Monday, April 05, 2010
Who done it?
Over at FrumForum, what we'd call a moderate Republican has penned How the GOP Purged Me
Of interest are two excerpts. First this:
I voted for Nixon and for Reagan. ... I voted for Clinton, twice. I thought he was the best Republican president since Ike. No, I did not make a mistake. Bill Clinton was closer ideologically to Eisenhower and Nixon than Bush I and II could ever be. I thought that Clinton practiced and articulated true Republican ideology in his fiscal discipline, job creation, smart tax cuts, and foreign policy better than anyone since Ike.

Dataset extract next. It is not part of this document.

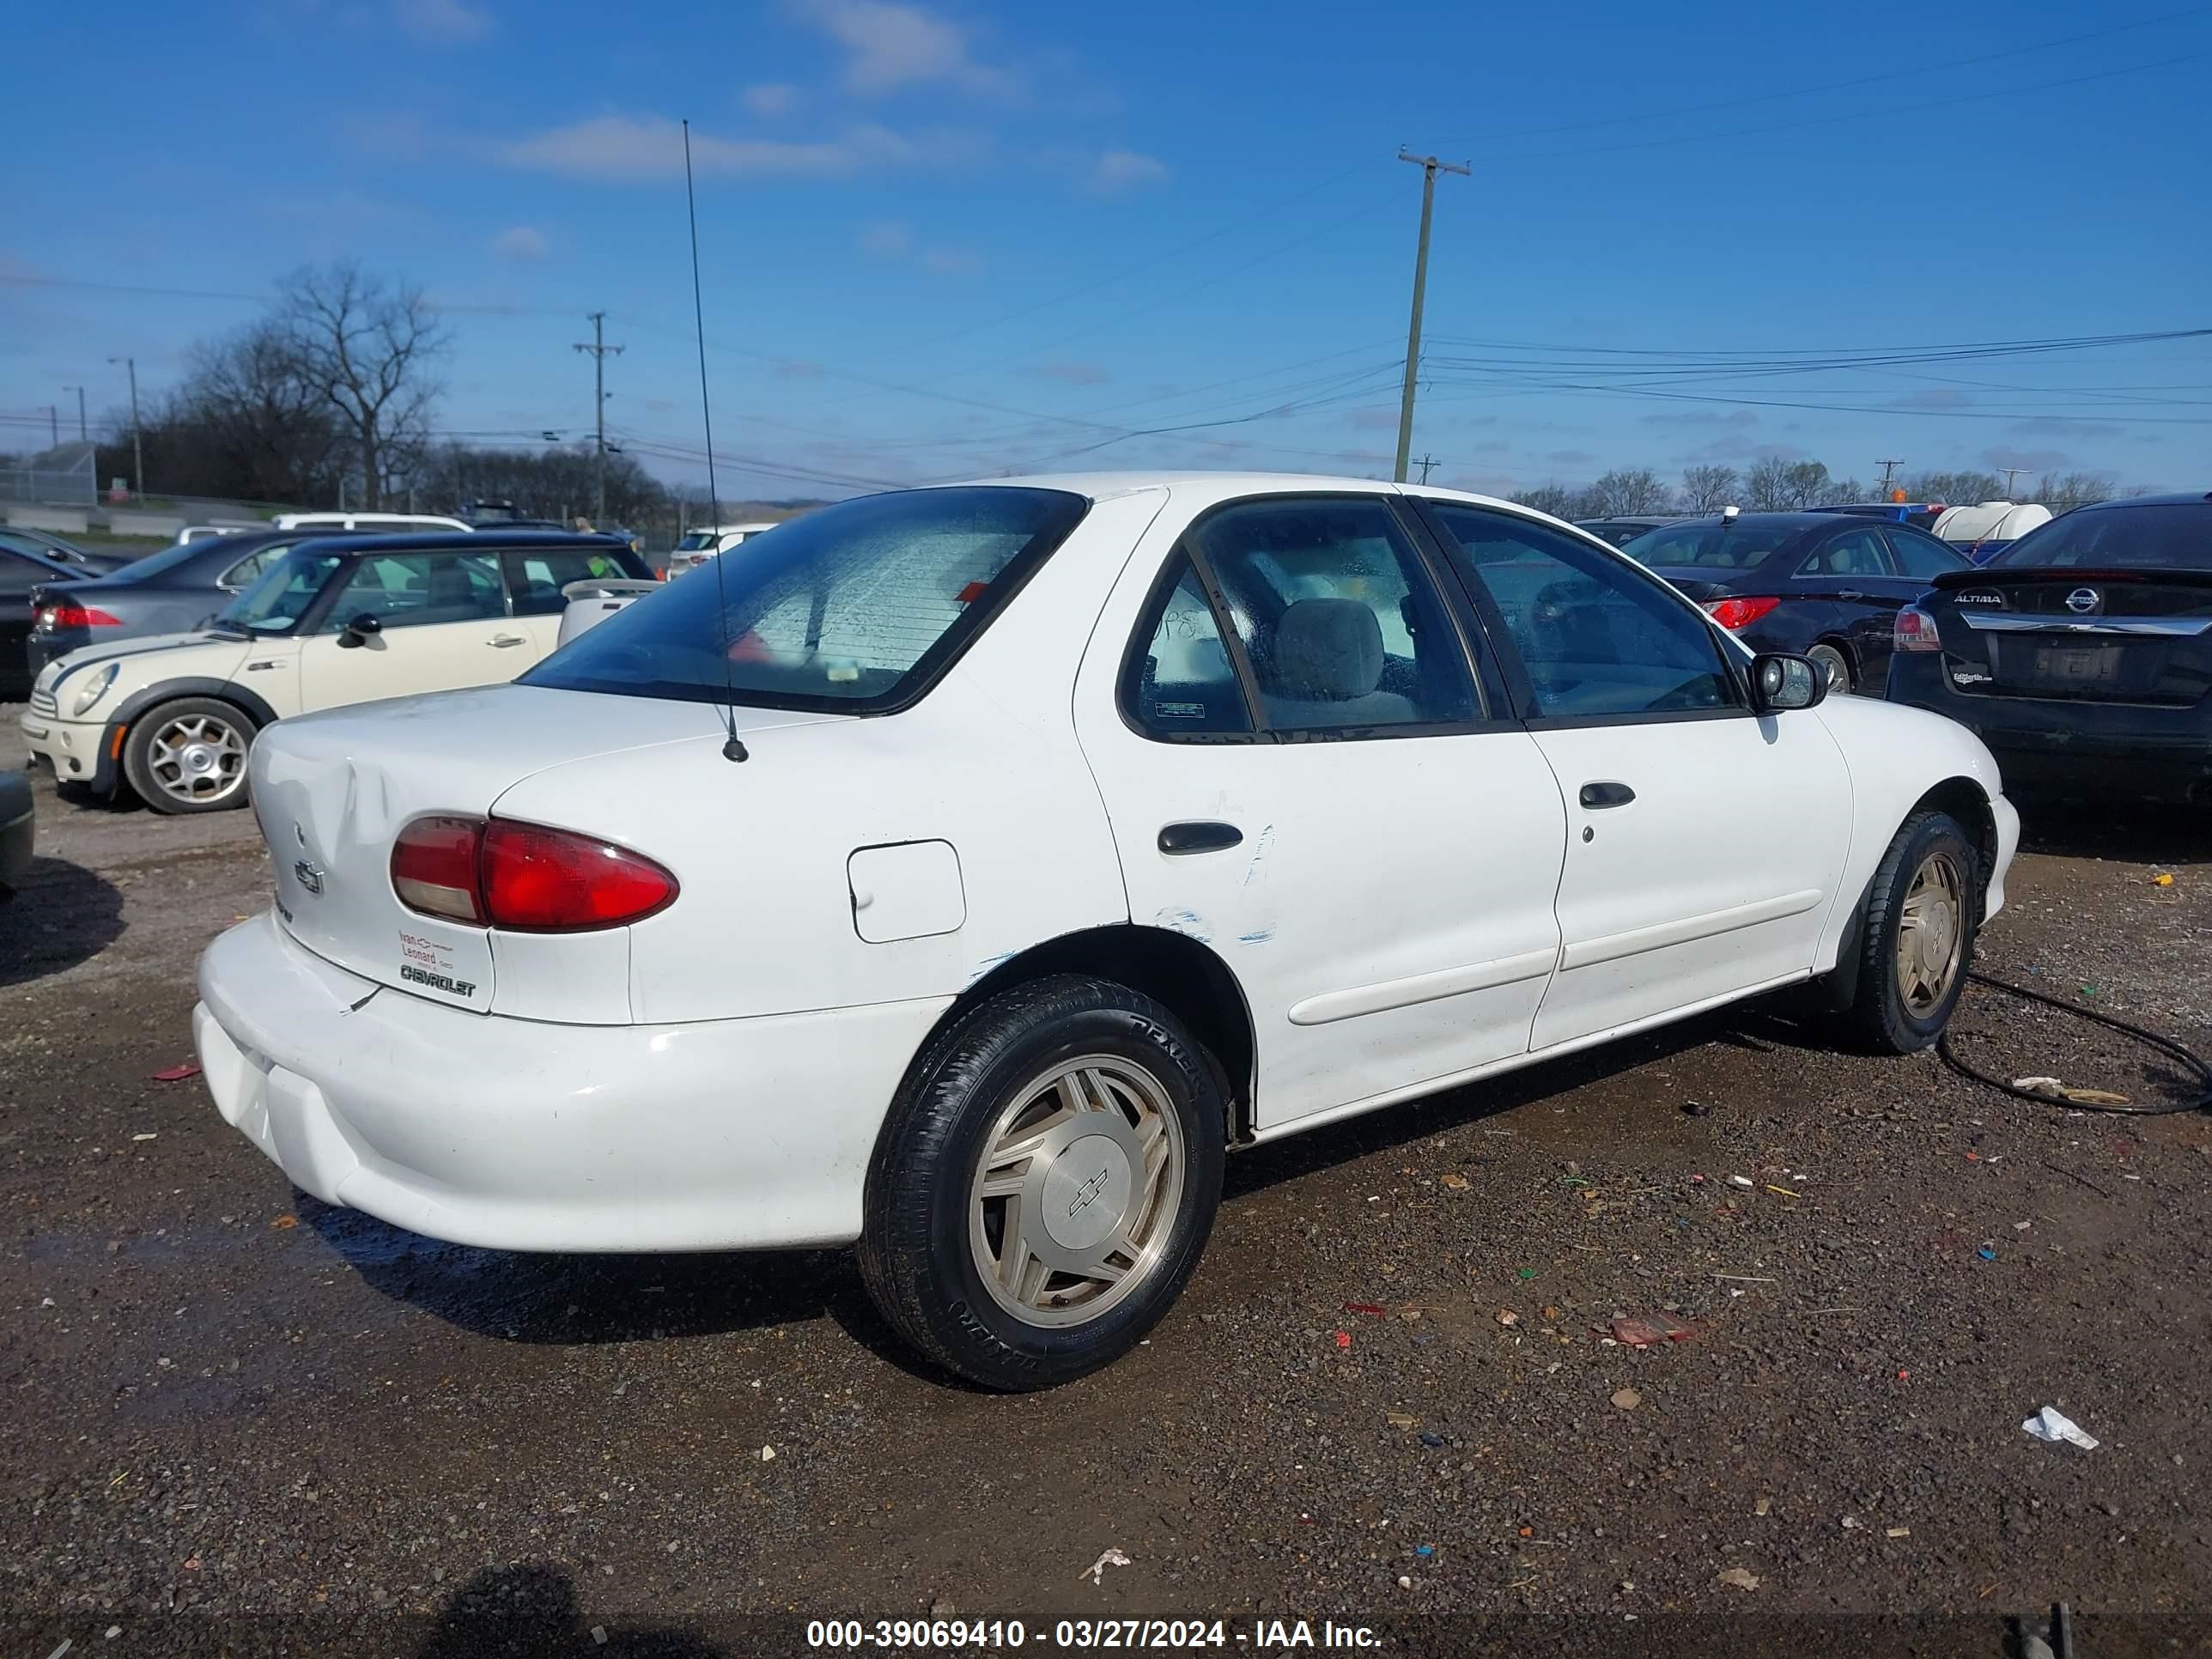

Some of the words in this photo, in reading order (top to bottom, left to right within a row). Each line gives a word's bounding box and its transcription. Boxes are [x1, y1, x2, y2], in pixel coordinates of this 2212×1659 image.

[1954, 594, 2002, 605] ALTIMA
[401, 944, 437, 964] Leonard
[399, 963, 477, 998] CHEVROLET

I agree, which makes me wonder why so many Democrats were, and remain, thrilled by Bill Clinton.
Then there's this:
Then something happened in the 1990s. The leaders of the GOP grew belligerent. They became too religious, almost zealots. They became intolerant. They began searching for purity in Republican thought and doctrine. Ideology blinded them. I continued to vote Republican, but with a certain unease. Deep down I knew that a schism happened between the modern Republican Party and the one I grew up with. During the fight over the impeachment of President Clinton, the ugly face of the Republican Party was brought to the surface. Empty rhetoric, ideological intolerance, vengeance, and religious zealotry became the common currency.

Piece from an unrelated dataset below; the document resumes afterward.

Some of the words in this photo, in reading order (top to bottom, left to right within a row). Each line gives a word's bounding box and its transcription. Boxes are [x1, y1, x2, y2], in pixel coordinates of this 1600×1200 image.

That development is something I associate with Newt Gingrich and his takeover of the Republican party. Gingrich really did start the move to eliminate moderates from within the Republican party.
And, of course, during the same time period, the Democratic Party scrambled to the right. So today's Democrats are actually to the RIGHT of Nixon on almost all policy matters. In fact, most Democrats are to the right of Reagan. Coupled with the complete lack of spine and the fact that Democrats are today repulsed by their own supporters, it's a wonder the party even exists.

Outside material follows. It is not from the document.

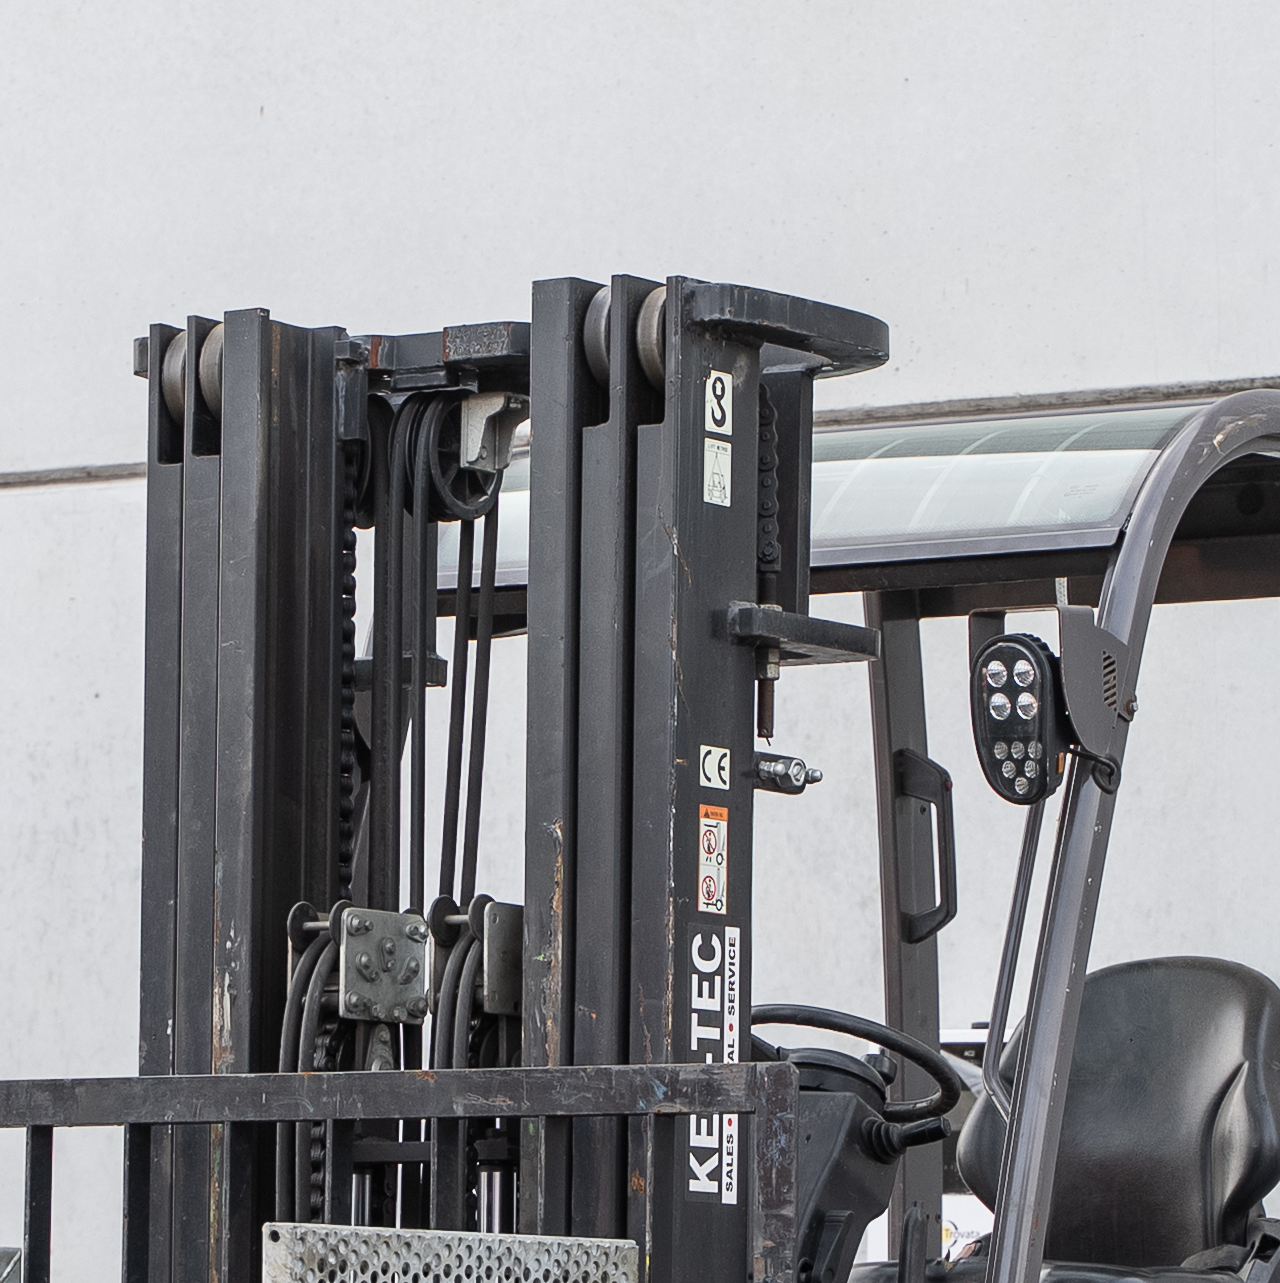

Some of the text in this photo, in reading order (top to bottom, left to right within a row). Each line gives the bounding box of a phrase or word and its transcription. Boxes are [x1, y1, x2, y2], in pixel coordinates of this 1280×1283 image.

[702, 749, 728, 786] CE
[727, 936, 736, 1016] SERVICE
[725, 1132, 734, 1193] SALES

"Then something happened in the 1990s. The leaders of the GOP grew belligerent."
The 1990s? Has this clown ever heard of Spiro Agnew? He described his opponents as "pusillanimous pussyfooters," "nattering nabobs of negativism," "hopeless, hysterical hypochondriacs of history" and "an effete corps of impudent snobs who characterize themselves as intellectuals." The belligerence began long before Gingrich and the GOPAC memo, long before Lee Atwater. The Kent State killings in 1970 provoked this reaction from the sitting governor of California: "If it's going to take a bloodbath to straighten this country out, so be it." The governor, of course, was Ronald Reagan. Nixon divided the nation's youth into "bums" and "heroes." William F. Buckley, one of the heroes of Chris Currey's youth, was a racist of the first order during the civil rights era. Currey's a blind, ignorant fool if he actually believes the GOP only turned ugly beginning in the 1990s. They've always been ugly. They're just following their natural progression by getting even uglier as time passes. It's no coincidence that the Teabaggers rose to the surface after the election of an African-American to the presidency. It's a movement based primarily on racism. There's a black man in the White House, and they can't do thing one about it, except whine and moan about "taking their country back." Yeah, back to the 1950s, when them troublemaking Negroes knew their place.
Spiro Agnew's speechwriters were William Safire and Pat Buchanan. They were responsible for those memorable phrases. Reportedly, Spiro asked for the consonance.